Input material

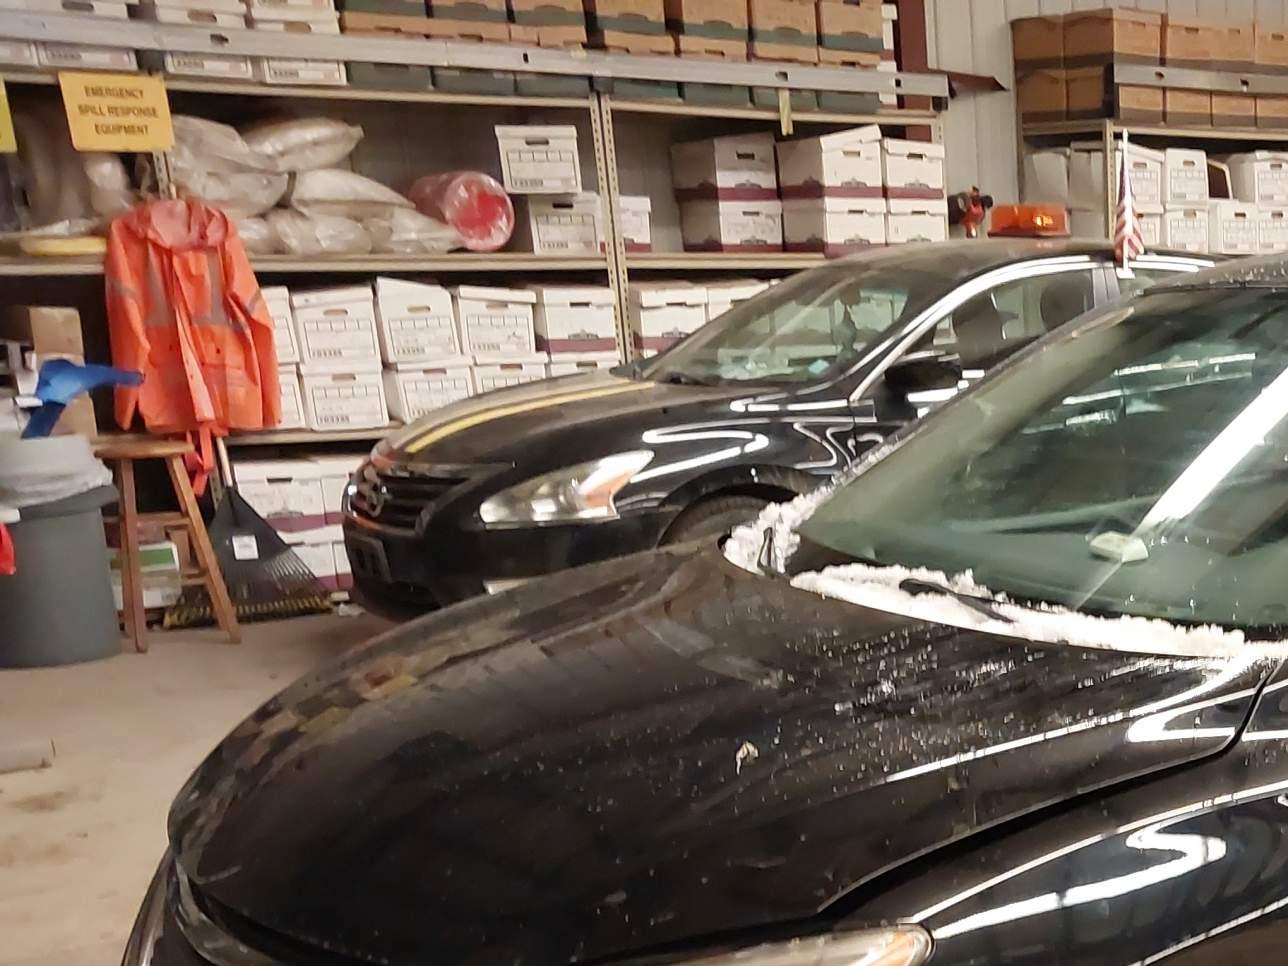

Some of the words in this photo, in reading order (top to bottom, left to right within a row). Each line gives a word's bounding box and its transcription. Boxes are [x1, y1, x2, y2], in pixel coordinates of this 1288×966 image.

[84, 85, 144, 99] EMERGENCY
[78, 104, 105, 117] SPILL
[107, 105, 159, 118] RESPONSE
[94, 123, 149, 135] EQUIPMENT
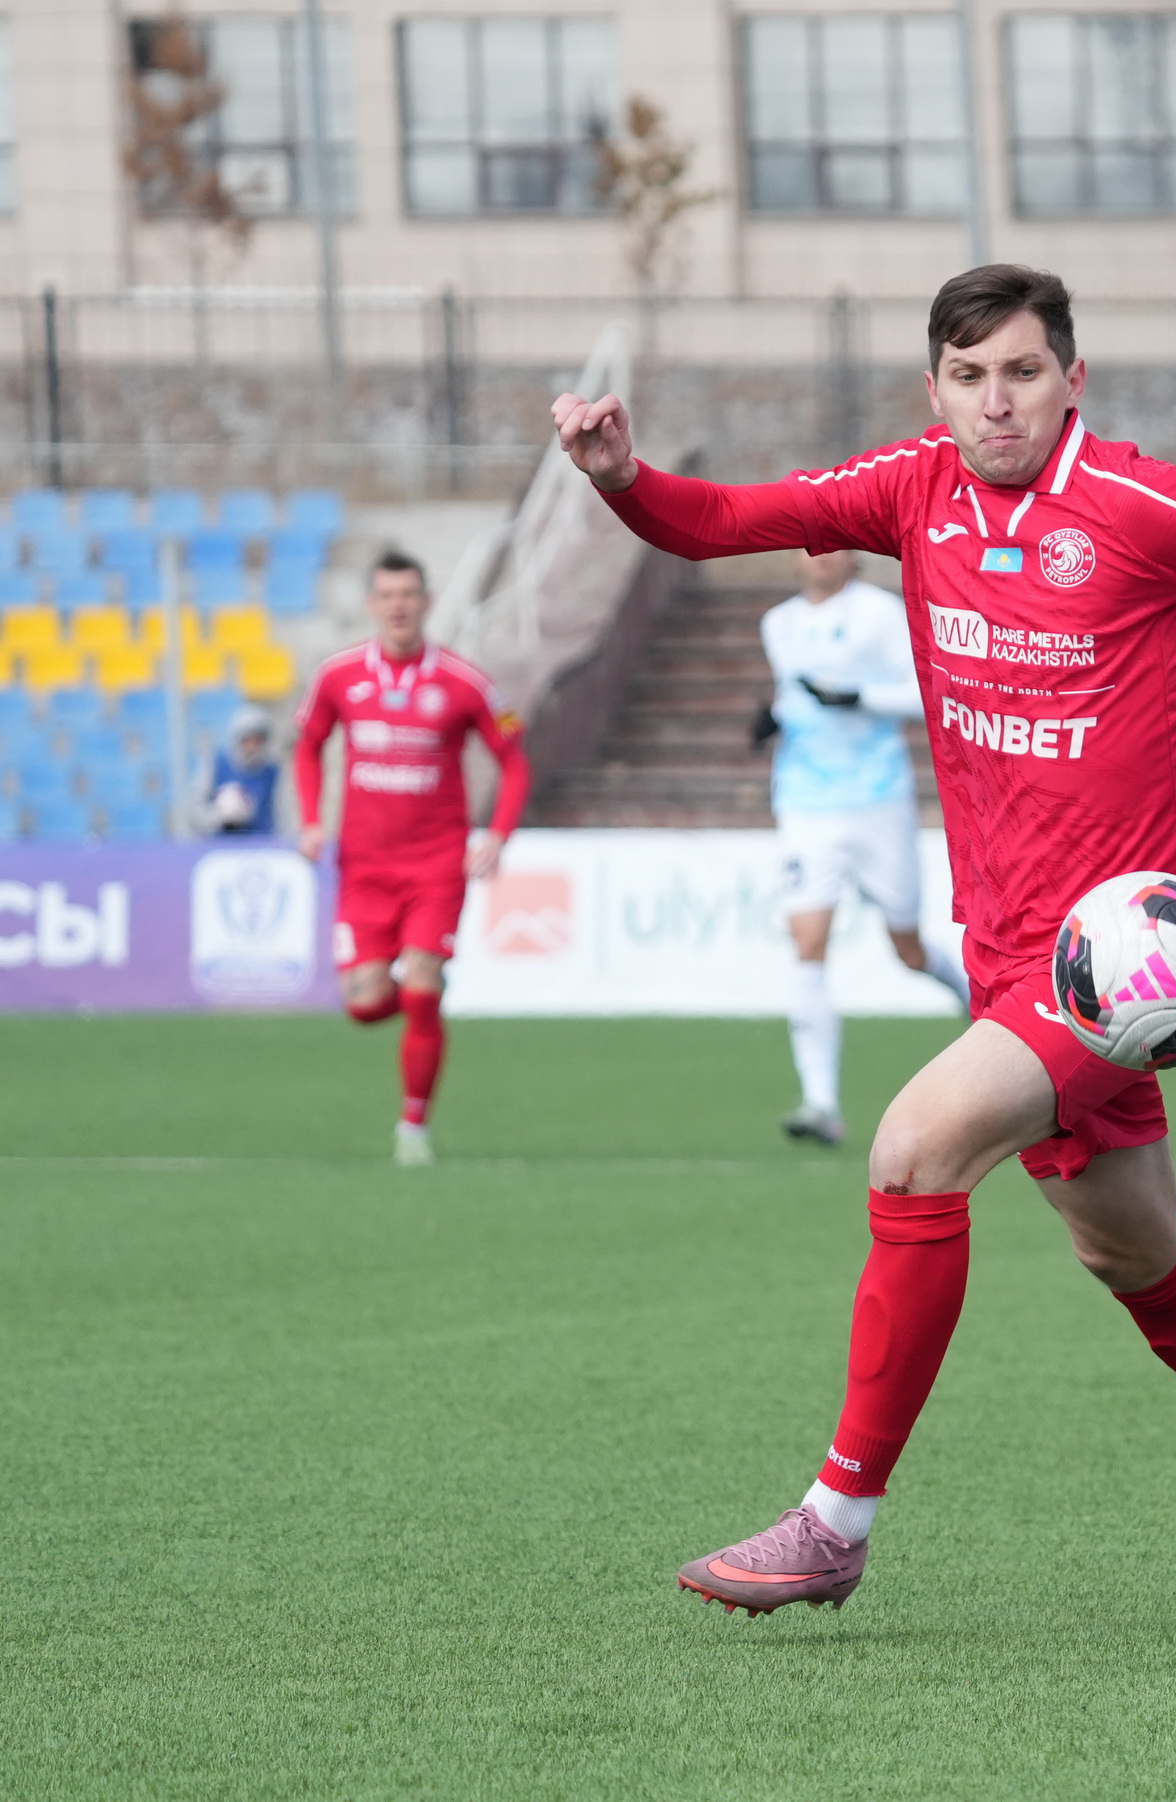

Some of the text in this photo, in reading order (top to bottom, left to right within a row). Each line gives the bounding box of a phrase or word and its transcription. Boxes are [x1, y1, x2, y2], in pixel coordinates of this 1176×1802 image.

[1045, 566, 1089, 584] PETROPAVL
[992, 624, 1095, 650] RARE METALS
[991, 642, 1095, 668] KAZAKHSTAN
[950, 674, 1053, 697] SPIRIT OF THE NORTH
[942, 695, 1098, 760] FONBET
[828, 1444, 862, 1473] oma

What you are asked to do
All lines from the one that has "Some of the text" through the end of the material above should be returned exactly; omit the rest.

Worked solution
Some of the text in this photo, in reading order (top to bottom, left to right within a row). Each line gives the bounding box of a phrase or word and its transcription. Boxes are [x1, y1, x2, y2], in pixel coordinates of this 1176×1802 image.

[1045, 566, 1089, 584] PETROPAVL
[992, 624, 1095, 650] RARE METALS
[991, 642, 1095, 668] KAZAKHSTAN
[950, 674, 1053, 697] SPIRIT OF THE NORTH
[942, 695, 1098, 760] FONBET
[828, 1444, 862, 1473] oma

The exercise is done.